There are a probably a dozen available reasons why fortunes have turned sour for the Rockies — matching their worst stretch of games this season.
Colorado has had separate five-game losing streaks during a horrible 2-10 span that entered a midweek home series with Pittsburgh that began Monday at Coors Field. This decline dropped the Rocks from a first place tie with Arizona to the cellar, seven games behind the sizzling D’backs in the NL West.
Colorado hasn’t been the same since sweeping three from Toronto in interleague play. From that point, the Rockies have gone from a 25-19 ballclub to 27-29 and losers of four straight series.
If you think Pittsburgh is a remedy, guess again. The Pirates are 5-2 in their last seven outings, which coincided with the return of 1B Sean Casey from a two-month stretch on the disabled list.
Cutting to the chase, what’s basically wrong with the Rocks is offense. The gambling stats paint a painful picture, unless the wiseguys figured on a return to earth and cashed with the offensive fallout both home and away.

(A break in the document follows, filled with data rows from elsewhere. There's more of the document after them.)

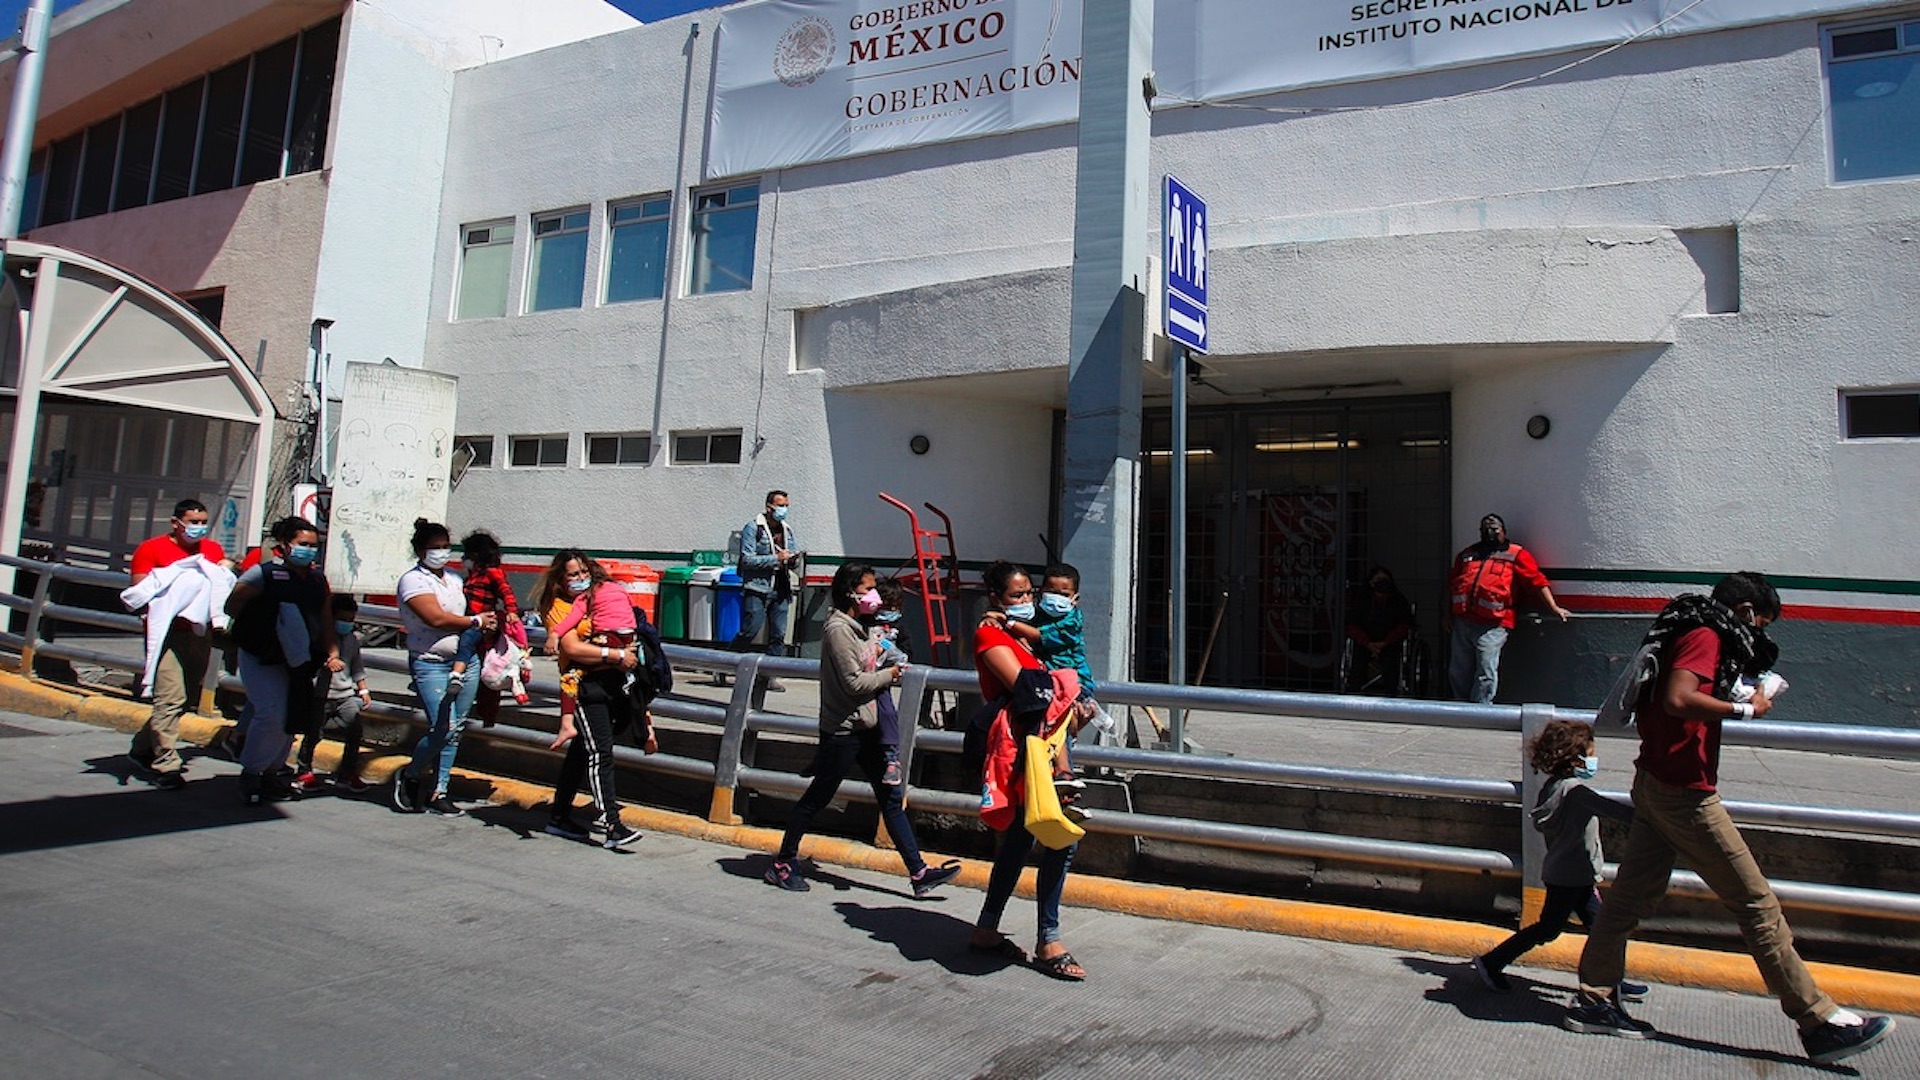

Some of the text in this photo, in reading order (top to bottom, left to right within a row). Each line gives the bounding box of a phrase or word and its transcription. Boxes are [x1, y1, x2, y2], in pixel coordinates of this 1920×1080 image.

[847, 12, 1005, 66] MÉXICO
[850, 0, 968, 30] GOBIERNO
[1319, 18, 1441, 51] INSTITUTO
[1450, 0, 1588, 31] NACIONAL
[845, 54, 1082, 119] GOBERNACIÓN

Matt Holliday (.330, 12 HR, 39 RBI) has been the most consistent of the Rockies hitters, but the team has basically slumped together. What makes the plunge all the more painful is that three of the dropped series were within the division — LA Dodgers, San Diego Padres, San Francisco Giants. Of course, Arizona going 10-3 against the NL East and Central, including a four-game sweep at Atlanta poured salt in an ever widening wound.

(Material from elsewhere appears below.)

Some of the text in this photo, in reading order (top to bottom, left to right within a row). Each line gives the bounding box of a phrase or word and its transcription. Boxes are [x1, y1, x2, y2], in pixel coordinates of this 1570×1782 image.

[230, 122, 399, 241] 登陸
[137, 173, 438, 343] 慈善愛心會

Back to the offense, or lack thereof. In a five-game stretch that began the 12-game nightmare, Colorado scored an anemic three runs. Only in Sunday’s 4-3 loss to Florida have the Rocks managed to notch more than two runs in their losses. They scored 6 and 5 in consecutive wins at San Diego. That’s it.

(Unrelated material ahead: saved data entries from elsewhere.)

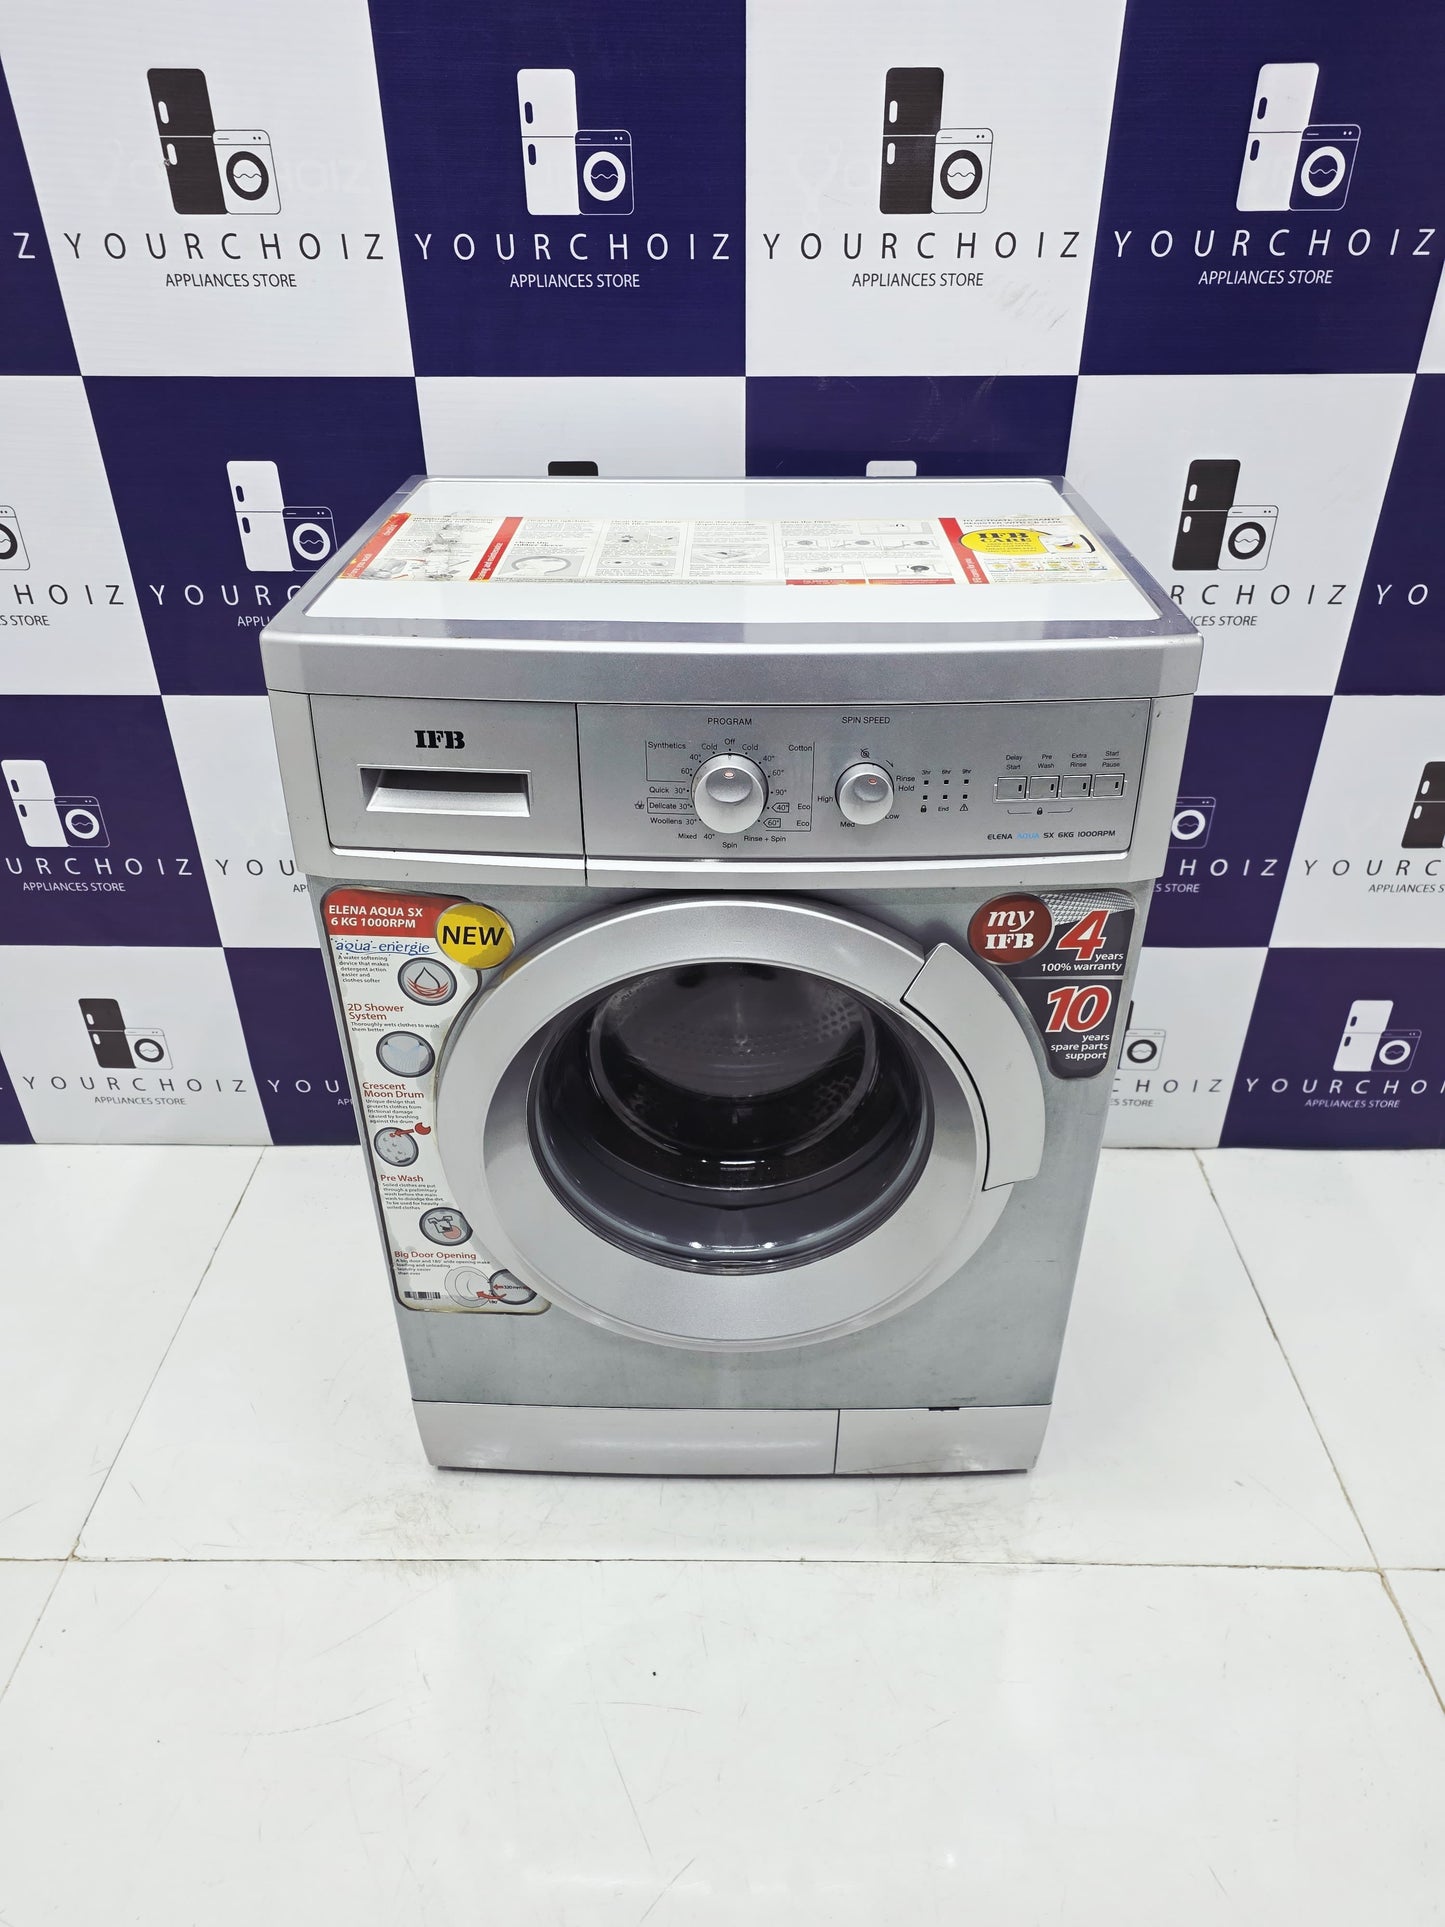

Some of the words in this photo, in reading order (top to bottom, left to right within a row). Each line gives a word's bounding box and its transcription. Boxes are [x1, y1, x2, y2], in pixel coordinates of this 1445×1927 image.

[165, 273, 250, 288] APPLIANCES
[252, 273, 297, 288] STORE
[509, 273, 594, 288] APPLIANCES
[596, 273, 641, 288] STORE
[851, 273, 936, 287] APPLIANCES
[939, 272, 984, 287] STORE
[1198, 269, 1285, 285] APPLIANCES
[1287, 269, 1334, 284] STORE
[10, 614, 50, 626] STORE
[1218, 615, 1258, 626] STORE
[707, 717, 752, 726] PROGRAM
[842, 716, 861, 725] SPIN
[863, 717, 891, 725] SPEED
[414, 730, 466, 749] IFB
[648, 742, 687, 750] Synthetics
[701, 743, 718, 751] Cold
[742, 743, 759, 751] Cold
[788, 744, 813, 752] Cotton
[1005, 754, 1023, 762] Delay
[649, 786, 670, 795] Quick
[817, 795, 834, 803] High
[649, 802, 677, 810] Delicate
[797, 803, 811, 811] Eco
[650, 817, 683, 825] Woollens
[1077, 830, 1116, 838] 1000RPM
[770, 836, 787, 844] Spin
[722, 842, 738, 850] Spin
[23, 882, 88, 892] APPLIANCES
[90, 883, 126, 892] STORE
[1164, 883, 1200, 893] STORE
[1368, 883, 1436, 893] APPLIANCES
[329, 904, 367, 915] ELENA
[369, 906, 405, 917] AQUA
[407, 907, 423, 917] SX
[331, 917, 339, 926] 6
[341, 917, 358, 927] KG
[361, 918, 416, 928] 1000RPM
[987, 910, 1035, 933] my
[442, 925, 505, 946] NEW
[1056, 909, 1110, 961] 4
[984, 933, 1035, 950] IFB
[1094, 953, 1124, 962] years
[1041, 963, 1072, 972] 100%
[1074, 962, 1122, 972] warranty
[347, 1003, 362, 1012] 2D
[364, 1004, 404, 1012] Shower
[1045, 985, 1112, 1032] 10
[348, 1011, 387, 1021] System
[1082, 1034, 1110, 1043] years
[1051, 1043, 1079, 1052] spare
[1081, 1043, 1108, 1052] parts
[1065, 1052, 1107, 1061] support
[362, 1082, 406, 1090] Crescent
[364, 1090, 394, 1098] Moon
[94, 1096, 153, 1105] APPLIANCES
[154, 1097, 186, 1106] STORE
[1122, 1099, 1154, 1107] STORE
[1305, 1099, 1367, 1108] APPLIANCES
[1368, 1100, 1400, 1108] STORE
[380, 1174, 396, 1182] Pre
[397, 1174, 424, 1182] Wash
[394, 1251, 409, 1259] Big
[436, 1252, 477, 1260] Opening

The Rockies were 2-7 on their last road trip, dropping the overall mark away from Coors Field to 14-16. Even the most optimistic Rockies fan would concede that winning on the road was a must in order for Colorado to entertain any thought of winning what figured to be a weak division.
It remains to be seen if Arizona at 34-22 can continue to be the NL’s biggest surprise. Two weeks ago, we thought it was the Rockies.